26/08/2026

«No sirvo a herejes»: la historia de Julián Romero, el invencible maestre de los Tercios

Por sromero

La historia del Imperio español está plagada de figuras tan interesantes que incluso forman parte de novelas como las del influyente escritor español Arturo Pérez-Reverte. Sin embargo, la realidad, siempre supera a la ficción. En los viejos Tercios españoles hoy nos adentramos en la particular vida de Julián Romero de Ibarrola.

De mozo de tambor a caballero de Inglaterra

Nacido en 1518 en el pequeño municipio conquense de Huélamo, Julián Romero no era noble, ni rico, ni tenía padrinos en la Corte. Era hijo de un maestro de obras vizcaíno y de una hidalga local. En aquella España imperial, donde la guerra era el ascensor social por excelencia, el joven Julián lo tuvo claro. Con apenas 16 años, se alistó en el ejército. Su primer trabajo fue cargar con los bártulos como mochilero y marcar el paso como mozo de tambor.

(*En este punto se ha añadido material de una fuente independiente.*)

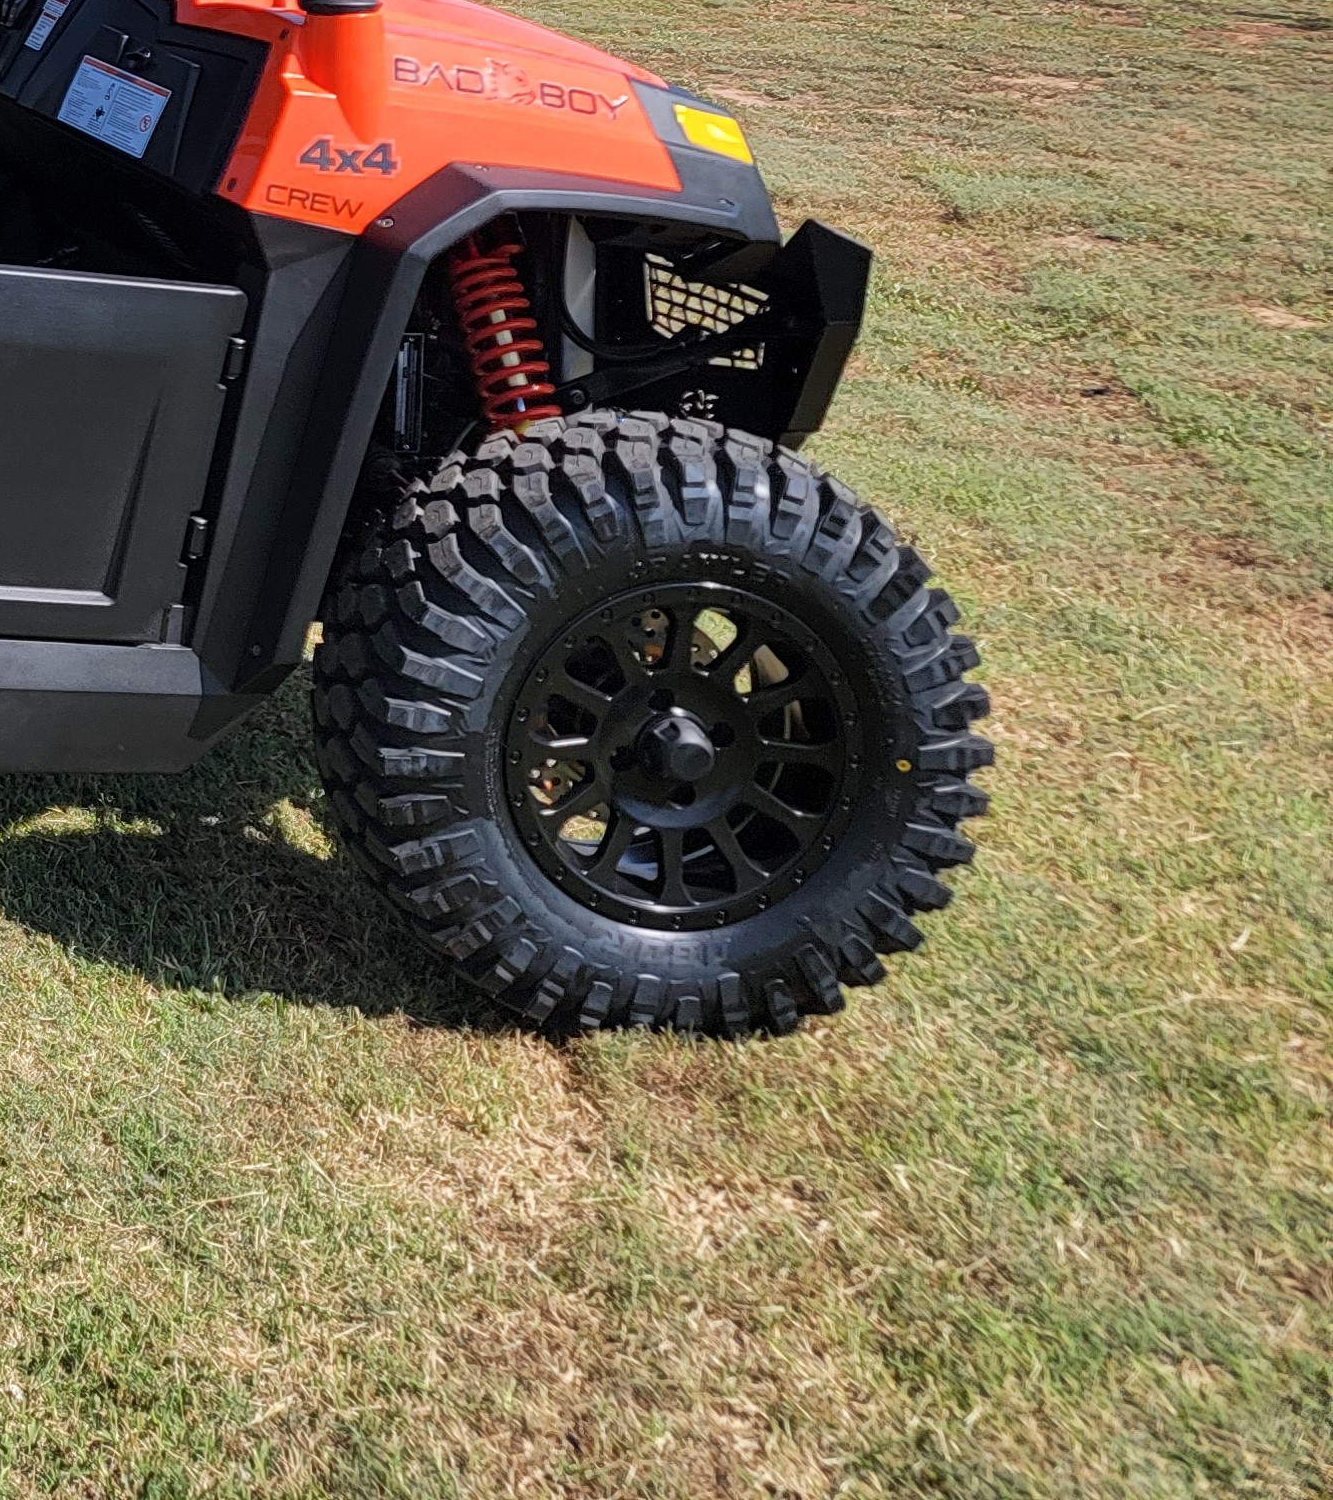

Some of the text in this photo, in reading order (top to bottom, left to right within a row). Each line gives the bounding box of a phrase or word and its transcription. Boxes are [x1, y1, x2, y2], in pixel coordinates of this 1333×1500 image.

[393, 57, 629, 120] BAD BOY
[300, 140, 398, 175] 4x4
[266, 184, 365, 219] CREW

Pero su bautismo de fuego llegaría pronto, en la mítica Jornada de Túnez (1535) contra el temible corsario BarbarrojaAllí, el joven tamborilero demostró que tenía madera de líder. Tras servir en Italia, Romero acabó en Inglaterra, donde las tropas españolas fueron cedidas como mercenarios al rey Enrique VIII.

En las brumosas tierras británicas, Julián Romero se convirtió en una estrella. En 1546, protagonizó un duelo a muerte en Fontainebleau contra Antonio de Mora, un capitán español que había desertado al bando francés. Romero, apadrinado por nobles ingleses, venció contra todo pronóstico tras varias horas de combate. Su fama creció como la espuma y, tras su brillante actuación en la batalla de Pinkie Cleugh (el llamado ‘Sábado negro’ escocés de 1547), fue nombrado Sir y Landlord por la corona inglesa. Un hito insólito para un humilde conquense.

El regreso al Imperio español

Todo parecía ir sobre ruedas para Sir Julián en Inglaterra. Cobraba una fortuna, tenía tierras y el respeto de la corte. Sin embargo, la geopolítica y la religión se cruzaron en su camino. Tras la muerte de Enrique VIII y los vaivenes religiosos que consolidaron el cisma anglicano, Romero tomó una decisión drástica. Fiel a sus principios y a su fe católica, renunció a sus privilegios, hizo las maletas y pronunció una frase que pasaría a la historia: «No quiero servir a herejes».